Das Bundesgericht hat sich kürzlich in einem Grundsatzentscheid darüber ausgesprochen, wann eine Information kursrelevant i.S. des Insidertatbestands (aArt. 161 StGB bzw. neu Art. 154 FinFraG) ist (BGE 6B_90/2019 vom 07.08.2019, Publikation in der AS vorgesehen).

Theorie:

Kursrelevant ist die Information, wenn sie aus einer ex ante-Betrachtung geeignet ist, den Kurs von Effekten oder aus ihnen abgeleiteter Finanzinstrumente erheblich zu beeinflussen, mithin von ihrem Bekanntwerden eine über den Rahmen üblicher Kursschwankungen deutlich hinausgehende Kursveränderung zu erwarten wäre (…).  In subjektiver Hinsichterfordert der Tatbestand Vorsatz, wobei Eventualvorsatz genügt.
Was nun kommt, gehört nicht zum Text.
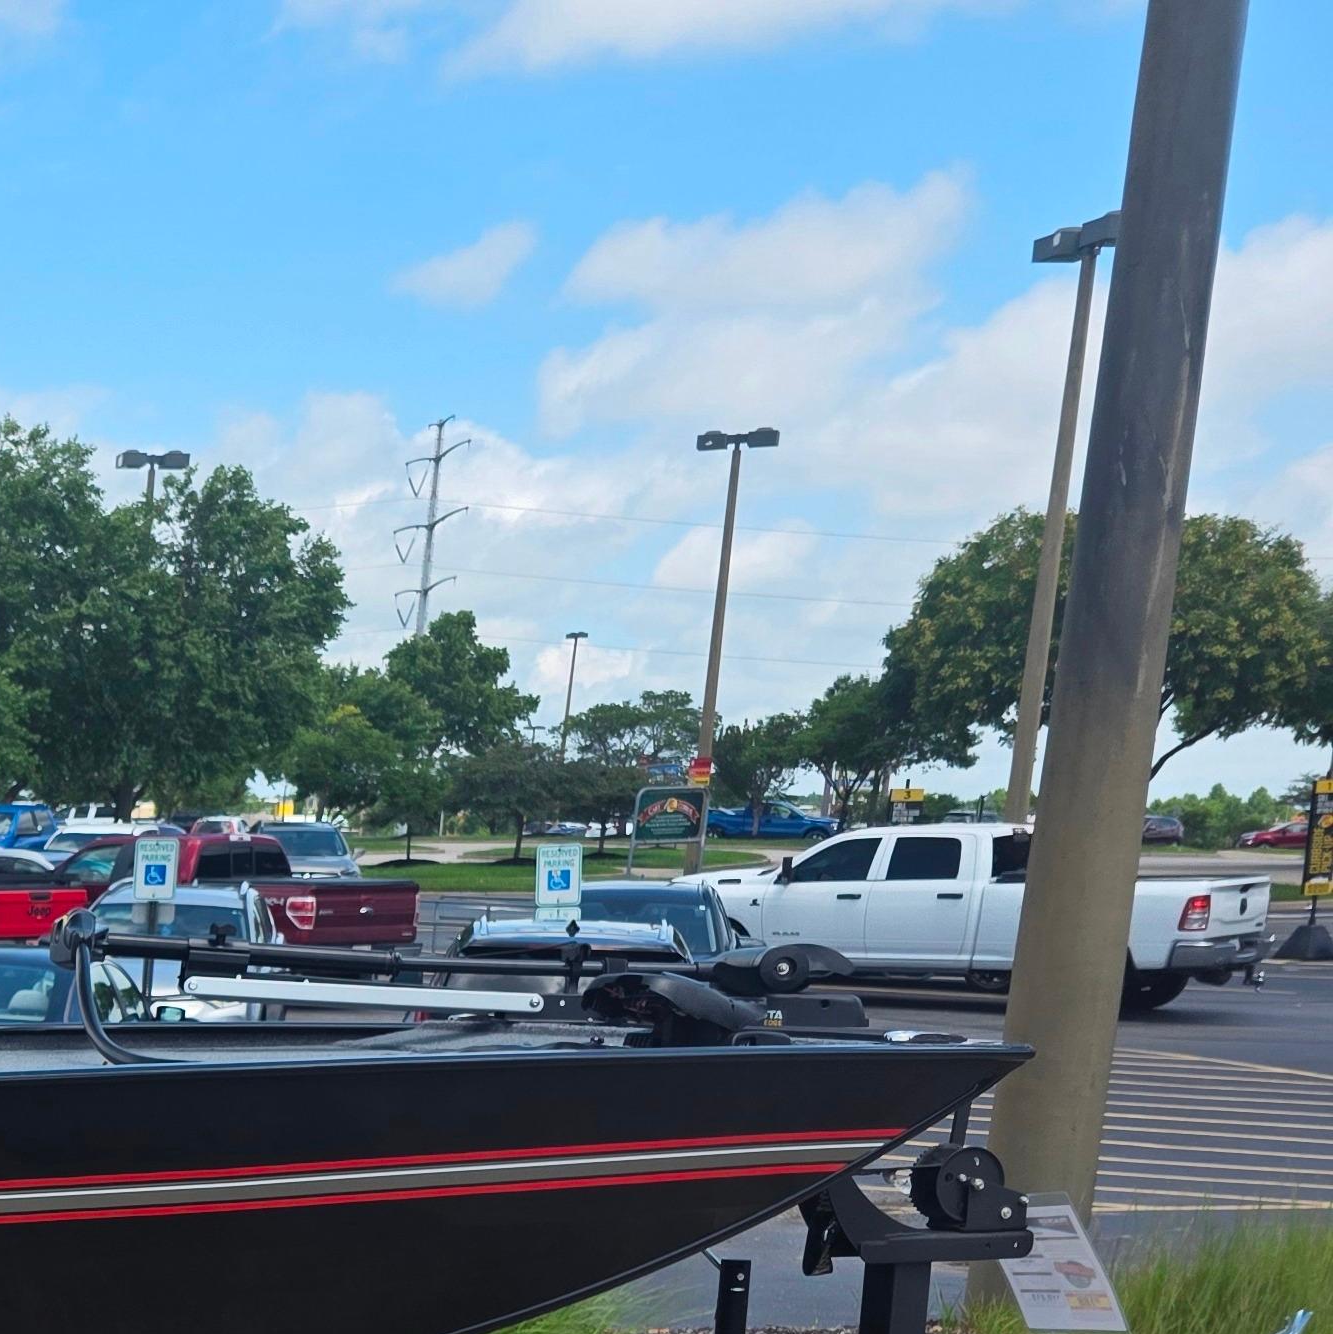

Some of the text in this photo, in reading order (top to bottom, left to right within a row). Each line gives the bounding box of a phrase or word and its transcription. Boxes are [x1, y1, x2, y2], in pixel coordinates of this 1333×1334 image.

In Bezug auf die Merkmale des genügend sicheren Wissens um die vertrauliche Tatsache und um deren Kursrelevanz ist direkter Vorsatz erforderlich (E. 3.2). 

Praxis:

Ebenfalls nicht zu beanstanden ist das angefochtene Urteil, soweit die Vorinstanz die Kursveränderung im Umfang von 15,26% als erheblich einstuft. Es trifft zu, dass der vom Beschwerdeführer zitierte Autor annimmt, bei Aktien scheine die kritische Grenze bei Kursausschlägen von 20% und mehr zu liegen (…). Doch nimmt die Vorinstanz zu Recht an (…), dass eine Bestimmung der Erheblichkeit der zu erwartenden Kursveränderung nach Prozentangaben nicht zu überzeugenden Ergebnissen führt (…). Die Vorinstanz hat die Kursrelevanz daher mit zureichenden Gründen nach dem sog. “Reasonable Investor Test” beurteilt und sie als gegeben erachtet, wenn ein vernünftiger Anleger die Information mit erheblicher Wahrscheinlichkeit als Teil der Grundlage seiner Anlageentscheidung nutzen würde (…). Mit dieser Begründung setzt sich der Beschwerdeführer nicht auseinander. Im Übrigen werden in der Literatur beim Aktienhandel nicht erst Kursschwankungen von 20% und mehr, sondern auch bereits Bewegungen von 5-10% als relevant erachtet (…). [E. 3.4.1].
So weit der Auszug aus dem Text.